In discriminating between PCa versus BPH, p2PSA achieved better performance than PHI (AUC = 0.733, 0.639 respectively) in a study conducted by Lezzeri and his colleagues who reported the higher significant levels of PHI and %p2PSA in PCa patients in comparison to chronic histologic prostatic inflammation (CHPI) and BPH as well. It was concluded that p2PSA, %p2PSA, and PHI values could distinguish between PCa and other non-malignant conditions as CHPI or BPH. Thus, they could be of great benefit for decision making to avoid unnecessary biopsies (Lazzeri et al., 2014).

In concordance with our findings regarding uPA, mean serum levels of uPA were observed to be higher in PCa patients than in healthy men with no cancer and BPH (Miyake et al., 1999, Shariat et al., 2007).
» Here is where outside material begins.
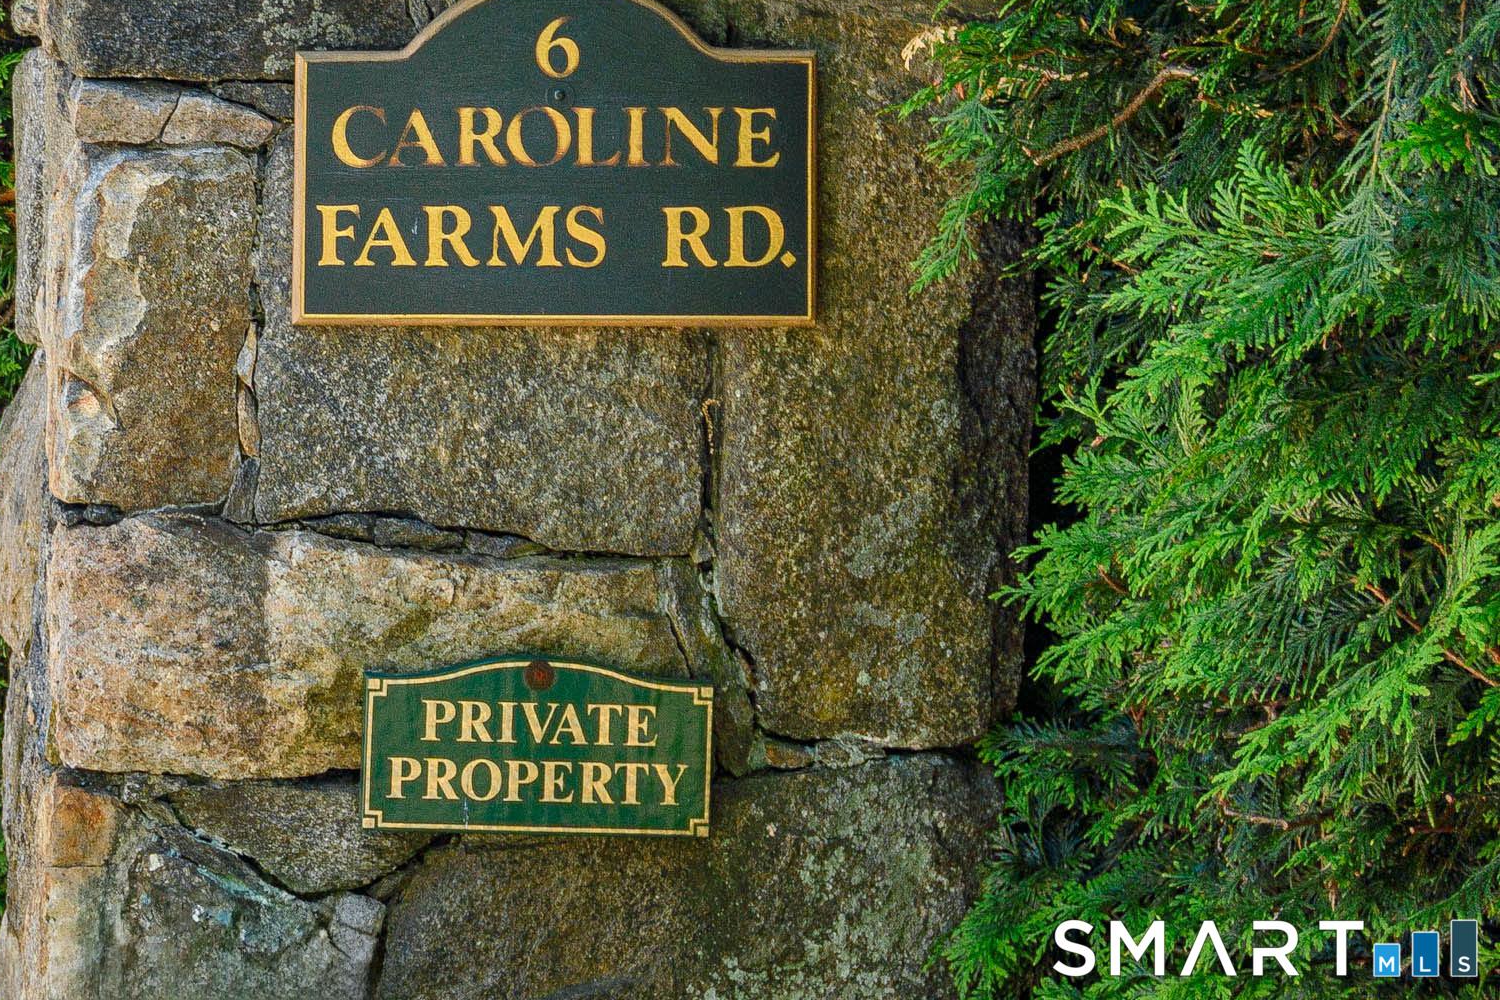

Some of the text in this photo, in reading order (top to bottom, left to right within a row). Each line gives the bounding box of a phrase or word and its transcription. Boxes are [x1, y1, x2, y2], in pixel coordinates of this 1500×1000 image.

As previously reported, uPA is a serine protease that binds to uPA receptor (uPAR) to play a key role in basement membrane breakdown, tumor progression, and invasion. Hence the increase in their expression was detected in several malignancies such as; breast (Foekens et al., 2000), ovarian (Hoffmann et al., 1999), colorectal (Herszenyi et al., 2008), and lung cancer (Salden et al., 2000). Moreover, uPA elevation or overexpression has been frequently linked to poor prognosis (Mahmood et al., 2018, Su et al., 2016). In 153 patients, underwent radical prostatectomy for organ-confined prostate cancer, overexpression of uPA was strongly associated with poor prognosis, and predict biochemical recurrence (Kumano et al., 2009). Previously, Crowley et al. (1993) reported that a competitive analogue of uPA that inhibits binding of uPA with its receptor in vivo consequently inhibits metastasis in prostate cancer. Recently, serum uPA were found to be significantly elevated in breast cancer patients compared to non-malignant counterparts (Banys-Paluchowski et al., 2019).

In this study, the association of PHI and uPA of clinicopathological features and their potential role for prediction of aggressive and advanced PCa has been assed. Serum levels of uPA and PHI were found to be significantly higher in PCa patients having pathological indicators and features of poor prognosis, late stages, more extension, and aggressiveness. Both of PHI scores and uPA levels were found to be higher in patients with Gleason score ≥ 7, advanced clinical stages (cT2b, c; T3), distant metastasis (p ≤ 0.001), positive LN, seminal vesicles and surgical margin extension (p < 0.01) when compared to their counterparts for each pathological determinant. Being the main proteinase system, it is not surprising to link the elevated levels uPA or its binding receptors (uPAR) with poor prognosis in several malignancies (Andreasen et al., 2000, Berger, 2002, Shi and Stack, 2007) as well as in PCa (Miyake et al., 1999, Shariat et al., 2007, Sheng, 2001). Shariat et al. (2007) evaluated the preoperative serum levels of uPA and uPAR in 429 patients with clinically localized PCa before radical prostatectomy. In agreement with our findings regarding uPA, they reported the significantly higher levels of both markers in patients with higher Gleason sum, LN, capsular and seminal vesicle invasion. Highly significant values of uPA were found in bone metastasizing PCa patients than with patients with local LN metastasis or confined tumors (Shariat et al., 2007).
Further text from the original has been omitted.